We bought an ‘06 Delta 88 new. Traded an ‘82 Trans Am with the 305 chevy engine. Salesman joked that the delta would outrun the TA. I think he was right 😀
I feel like this one may have an exhaust leak however. Sounds like it, unless the cat was hollowed out. Then it could be that.
My first car was an 86 delta 88. It was a phenomenal car. That 3800 was a truly bulletproof engine.
It's not the first front wheel drive GM car made! I'm sure you heard of the Oldsmobile Toronado that is first of front-wheel drive! Then again it's YouTube no one wants to do their research!, correctly!!
6:55 My wife would always bring a sweater or coat, in the summertime.
Because on long highway trips, I would turn the air conditioning to the coldest setting.

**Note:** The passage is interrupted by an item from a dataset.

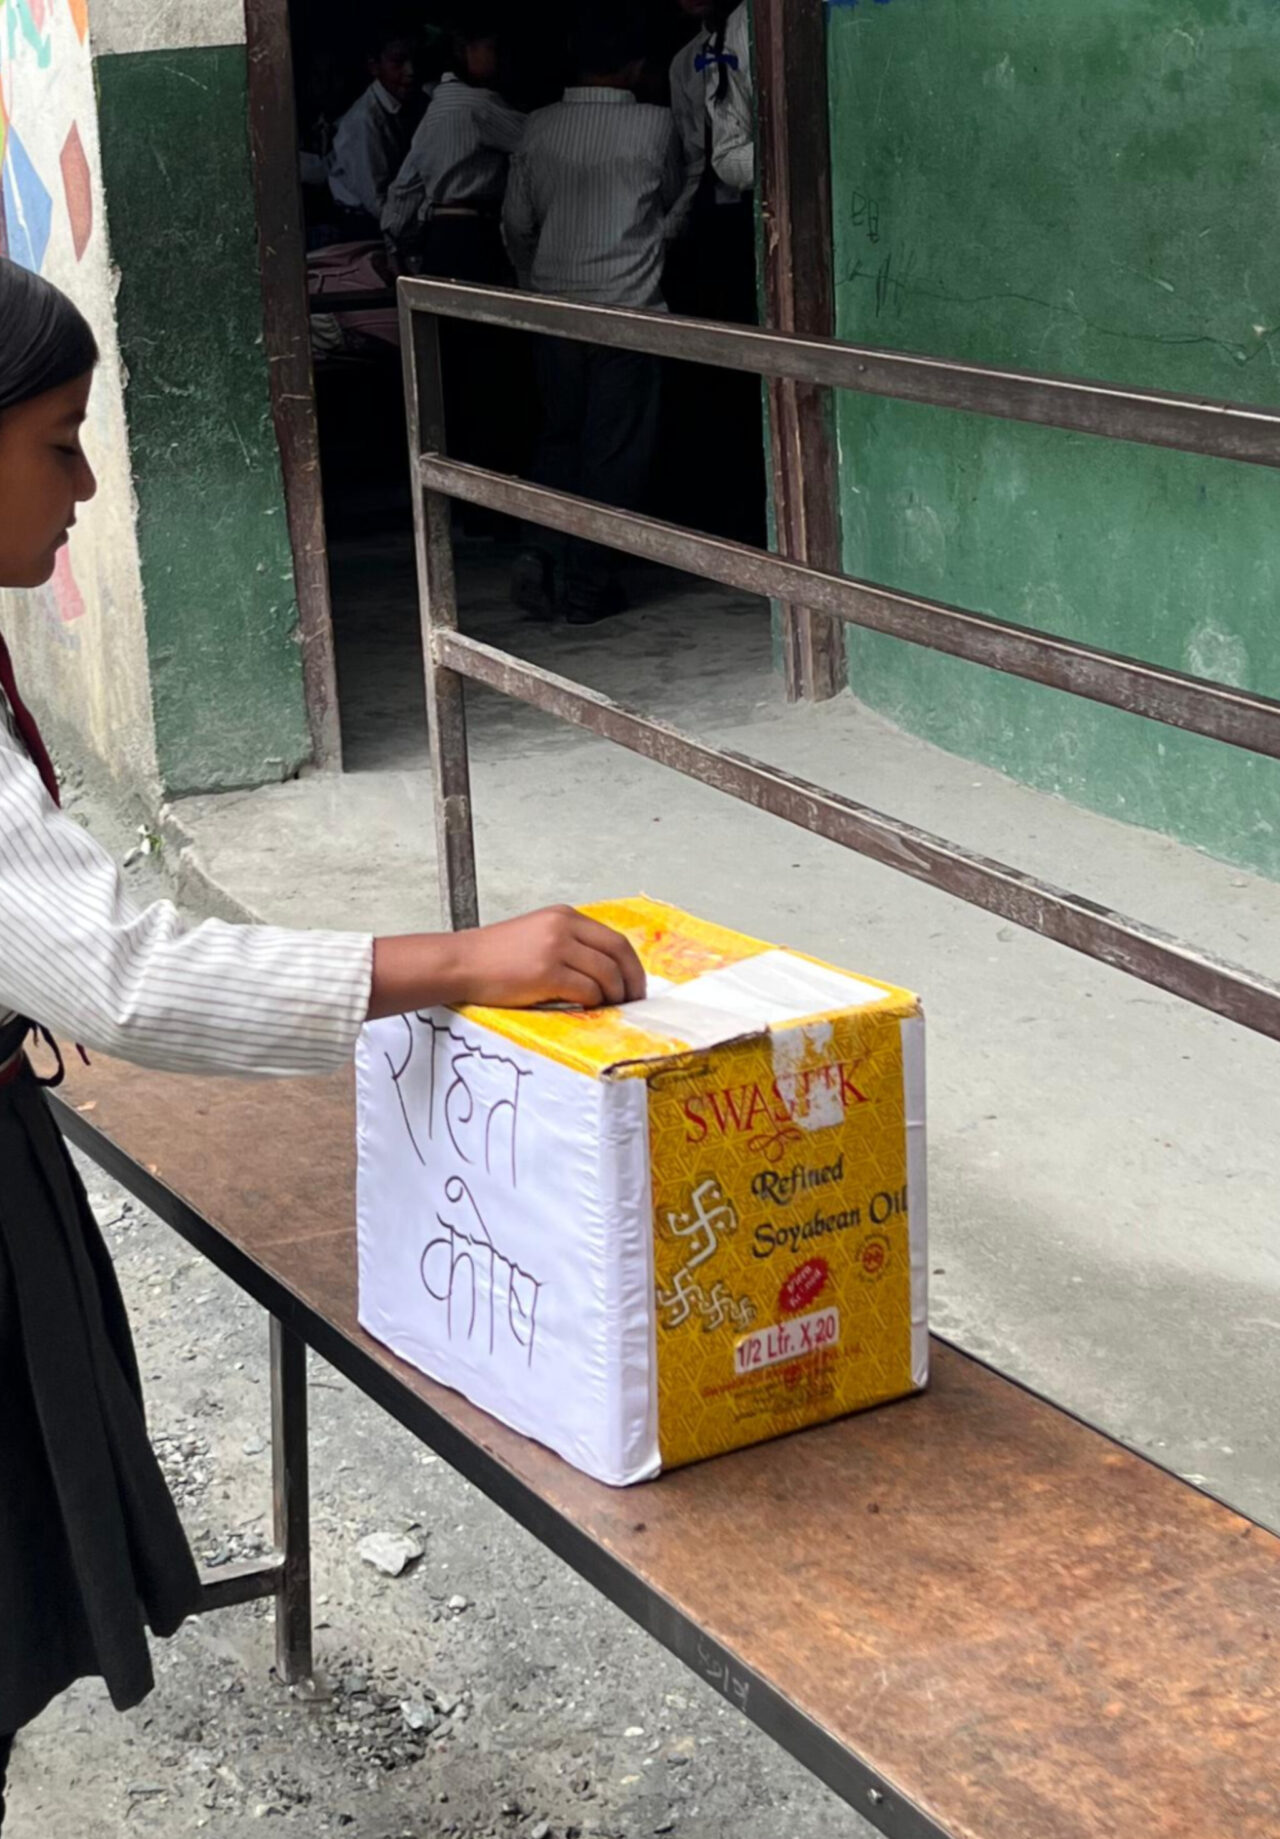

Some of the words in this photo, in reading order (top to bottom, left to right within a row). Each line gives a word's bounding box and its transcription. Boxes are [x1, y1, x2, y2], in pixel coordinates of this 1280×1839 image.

To help, keep me alert.
17:32 Oldsmobile Delta 88
I added a two position switch, to turn the pick-up converter off/on.
No need to lose 10% fuel economy, on long highway trips.
A guy I worked for had the Royale with soft roof. My folks drove volvos so riding in this was like being in a Rolls for me!
Would be amazing to swap a supercharged 3800 into this.
16:16 OMG when this man opens the hood. The cleanliness is unreal. I have never seen a car of this age this clean!
No way. Absolute junk
I had an '87 that was red on red. My gf at the time got in it once and said "wow it's comfy" when she opened the door because I'd left it running with a Lorde CD playing at night. And she'd ridden in it before.
Cars like that with a fatass and FWD are fun on dirt and gravel. My 98 was kind of shitty, though.
this car confirm the end of the golden age of american car industry.